Statistiquement, il y aura sans doute davantage de cas de Covid mais pas nécessairement plus de formes graves. Et si c’était le cas, il faut remettre en question notre politique gouvernementale. Nous avons 5 000 lits en France pour la réanimation et pratiquement 6 000 en soins continus. C’est beaucoup moins que dans d’autres pays comme l’Allemagne. Il faut se donner des moyens. Je suis favorable à la création d’unités Covid dédiées. Selon Emmanuel Macron ce n’est pas possible car il faudrait douze ans pour former un réanimateur. Mais ces unités ne doivent pas obligatoirement être gérées par des réanimateurs. Beaucoup de personnes atteintes par le Covid sont maintenant prises en charge avec des moyens moins lourds, par l’administration de corticoïdes, sans les intuber et sans les mettre forcément sous assistance respiratoire. D’autres personnes que des réanimateurs peuvent les gérer mais il ne faut pas que ce soit au détriment des autres services. Il faut créer des unités Covid attenantes, sans déshabiller les autres services.
Mais avec quel personnel ?
En termes de ressources humaines, on est limités. Mais il faut voir pourquoi. Si on regarde le classement OCDE sur le salaire moyen des infirmières, la France est 22ème sur 33 pays. Même en Espagne, elles sont payées beaucoup plus. Aux USA, une infirmière aux urgences touchait 1 500€ par semaine avant le Covid, maintenant c’est presque 3 500 ! Sans aller jusque-là, on doit revaloriser les salaires et la profession en général. Ça coûterait moins cher que de paralyser l’économie.
Que pensez-vous de la stratégie vaccinale ?

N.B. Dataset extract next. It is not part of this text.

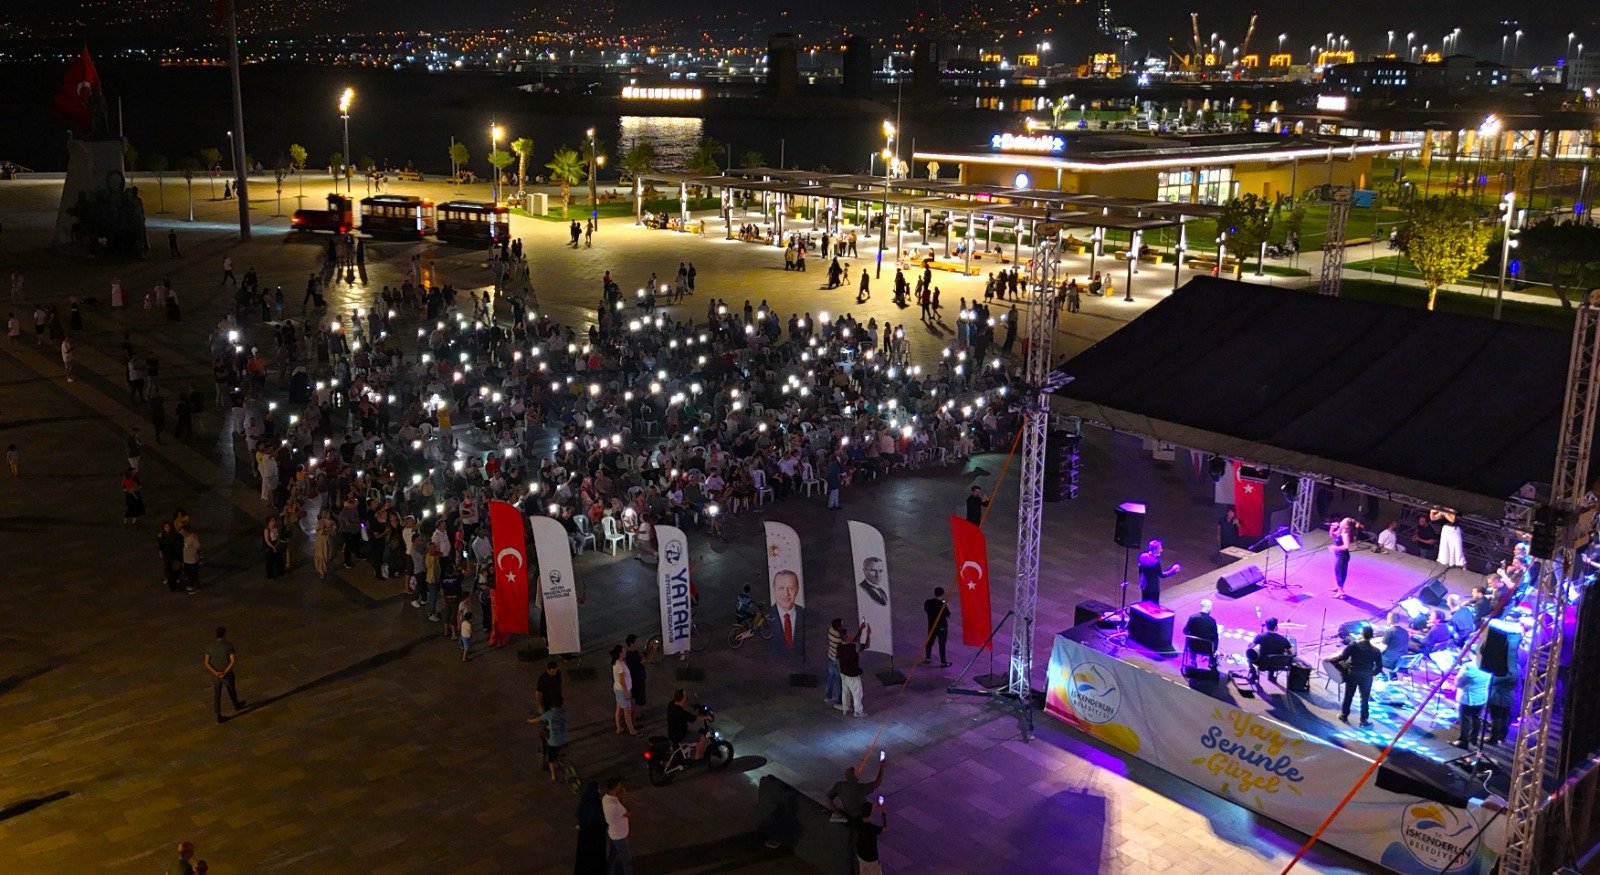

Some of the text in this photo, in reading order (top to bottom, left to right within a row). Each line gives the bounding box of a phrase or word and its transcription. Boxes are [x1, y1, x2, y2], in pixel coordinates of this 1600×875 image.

Je suis un pro vaccin. Nous avons eu des difficultés à lancer les programmes de vaccinations.
On a priorisé les EHPAD et selon moi, c’est une erreur. Ça part d’un bon sentiment mais il vaudrait mieux privilégier les vaccinations pour les actifs de plus de 50 ans qui sont dans la tranche de gravité.
Ils peuvent faire des Covid graves qui peuvent engorger les services de réanimation. Mais vacciner une personne de 92 ans dans les EHPAD, est-ce que ça vous paraît légitime ? Pour moi non.
De plus, avec tous les variants, on ne sait pas si la vaccination sera efficace. On ne peut pas se permettre d’attendre encore un an à regarder la destruction massive sociale, psychologique et éducative des français sans rien faire. Certains grands pontes prétendent qu’il faut intensifier le confinement. Je ne dis pas qu’ils ont complètement tort, ce serait prétentieux. Mais il faut adapter le confinement et se donner les moyens d’accueillir les patients. Avec le recul que nous avons, c’est désormais possible.
La prise en charge des cas de Covid s’est faite au détriment des autres maladies ?
Il y a eu des dégâts collatéraux en matière sanitaire. En termes de mesures préventives, de recherche des cancers, des syndromes coronariens, beaucoup d’examens ont été reportés. Tout ceci aura des conséquences dans un deuxième temps.
On essaie d’éteindre l’incendie dans le jardin alors que la forêt est en train de brûler derrière nous et on ne le voit pas.
Je ne dis pas que le Covid ce n’est pas grave, c’est juste qu’il faut adapter et ajuster. Il est temps de changer de stratégie. Le gouvernement doit l’entendre. Sinon il y aura des conséquences lourdes pour nous et surtout pour nos enfants.